● Assignment
Apart from the pictures, print the data below exactly as given.

___

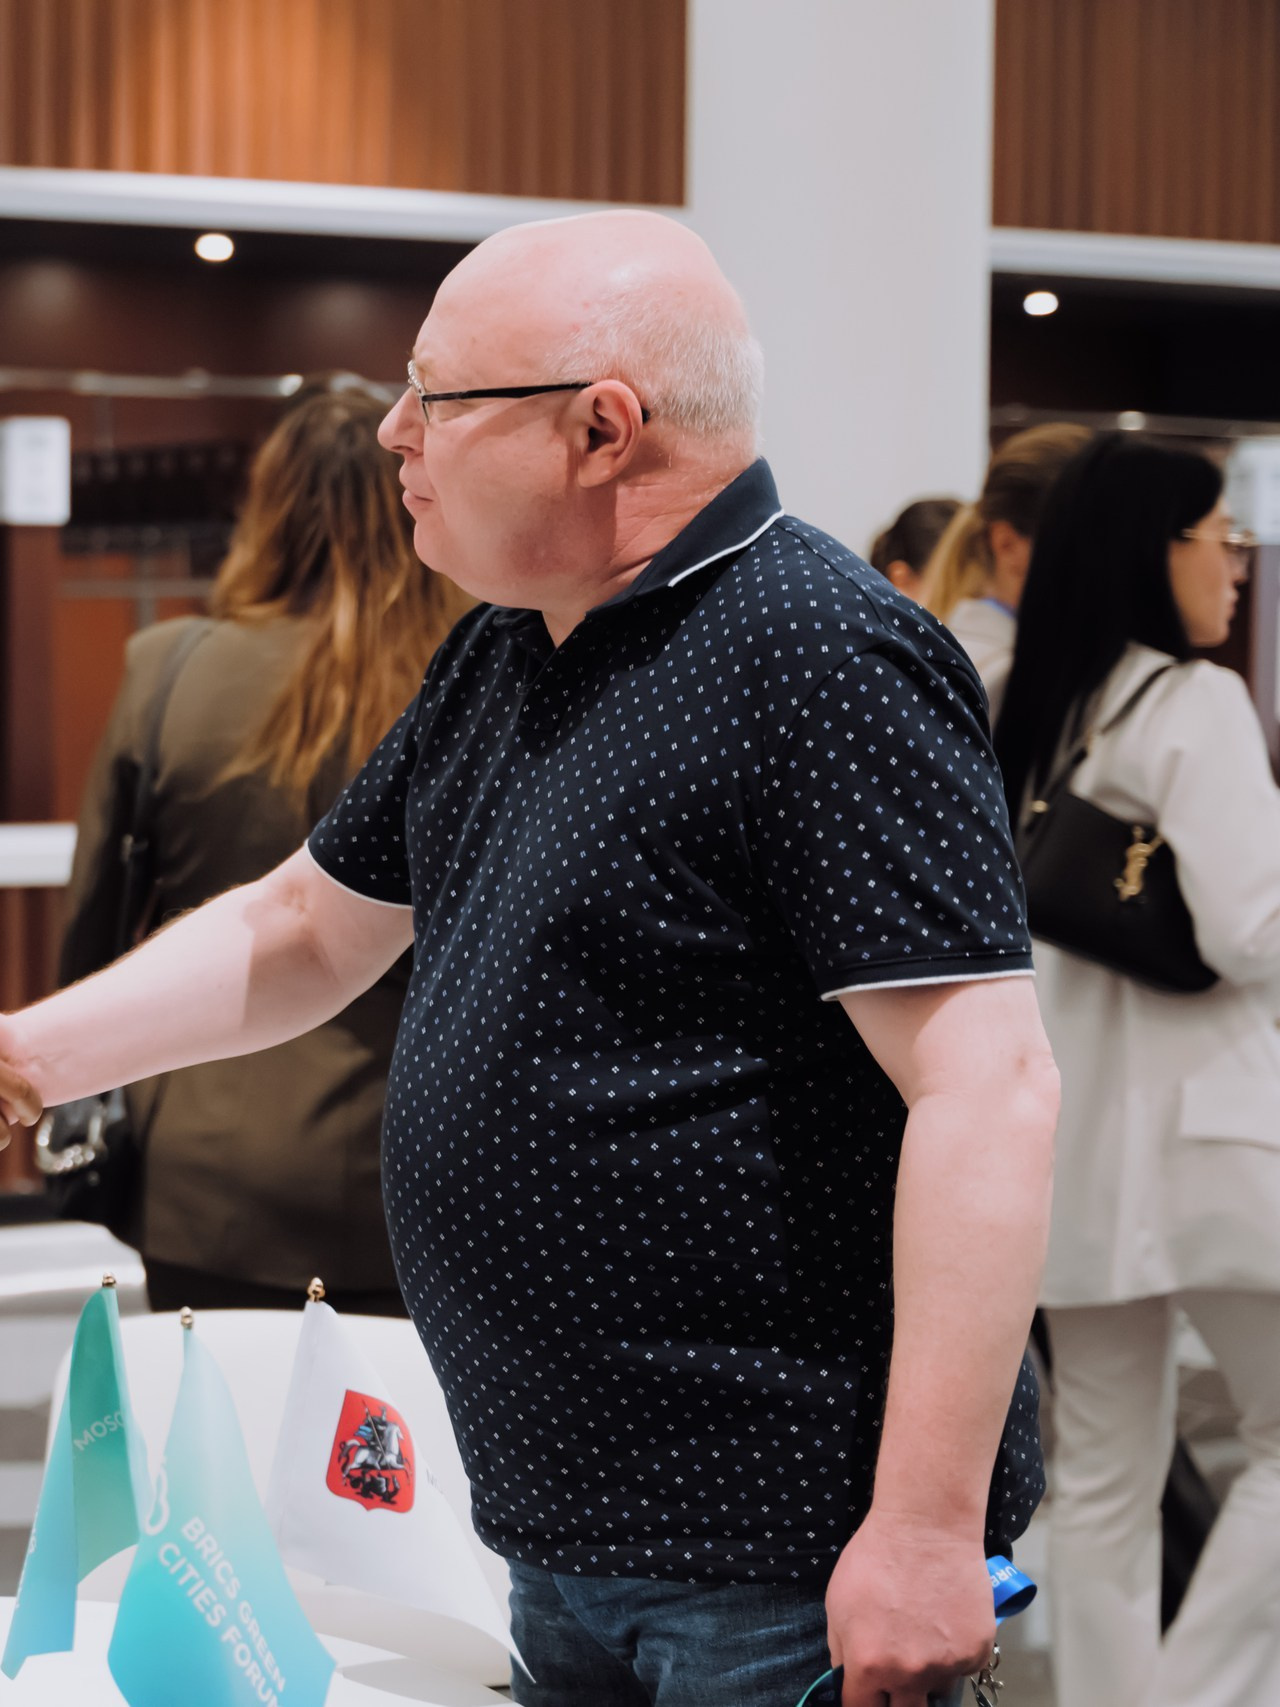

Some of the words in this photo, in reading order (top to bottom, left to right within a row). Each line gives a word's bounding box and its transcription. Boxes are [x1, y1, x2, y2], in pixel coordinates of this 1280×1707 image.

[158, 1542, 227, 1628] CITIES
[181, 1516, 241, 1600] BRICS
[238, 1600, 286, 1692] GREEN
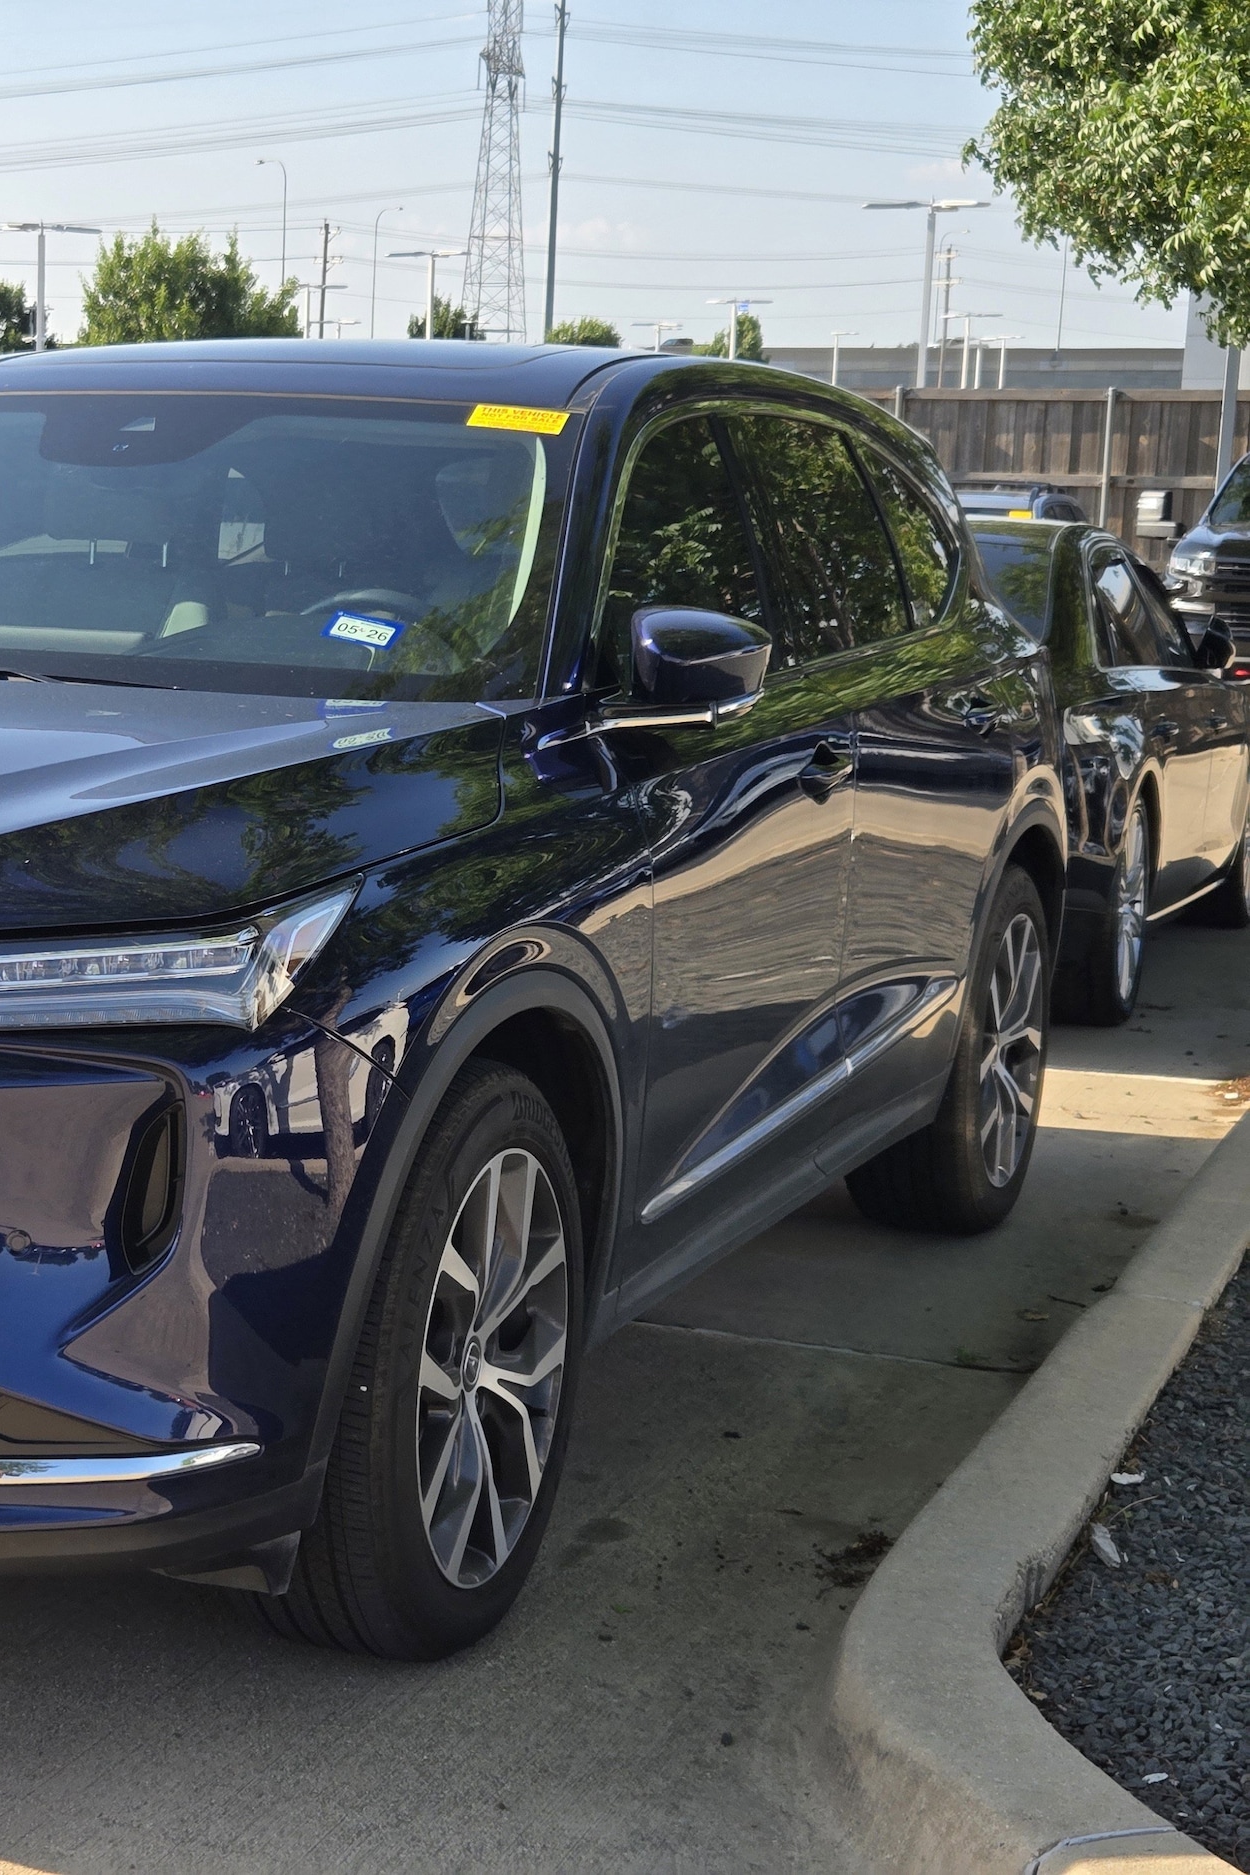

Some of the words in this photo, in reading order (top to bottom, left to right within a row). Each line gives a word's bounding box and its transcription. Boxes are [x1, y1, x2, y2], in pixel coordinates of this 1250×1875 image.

___

● Problem solution
Some of the words in this photo, in reading order (top to bottom, left to right within a row). Each line gives a word's bounding box and its transcription. Boxes are [x1, y1, x2, y2], in pixel coordinates of this 1280×1707 image.

[158, 1542, 227, 1628] CITIES
[181, 1516, 241, 1600] BRICS
[238, 1600, 286, 1692] GREEN

Some of the words in this photo, in reading order (top to bottom, left to right within a row). Each line gives a word's bounding box and its transcription. Boxes are [x1, y1, x2, y2], in pixel coordinates of this 1250×1875 image.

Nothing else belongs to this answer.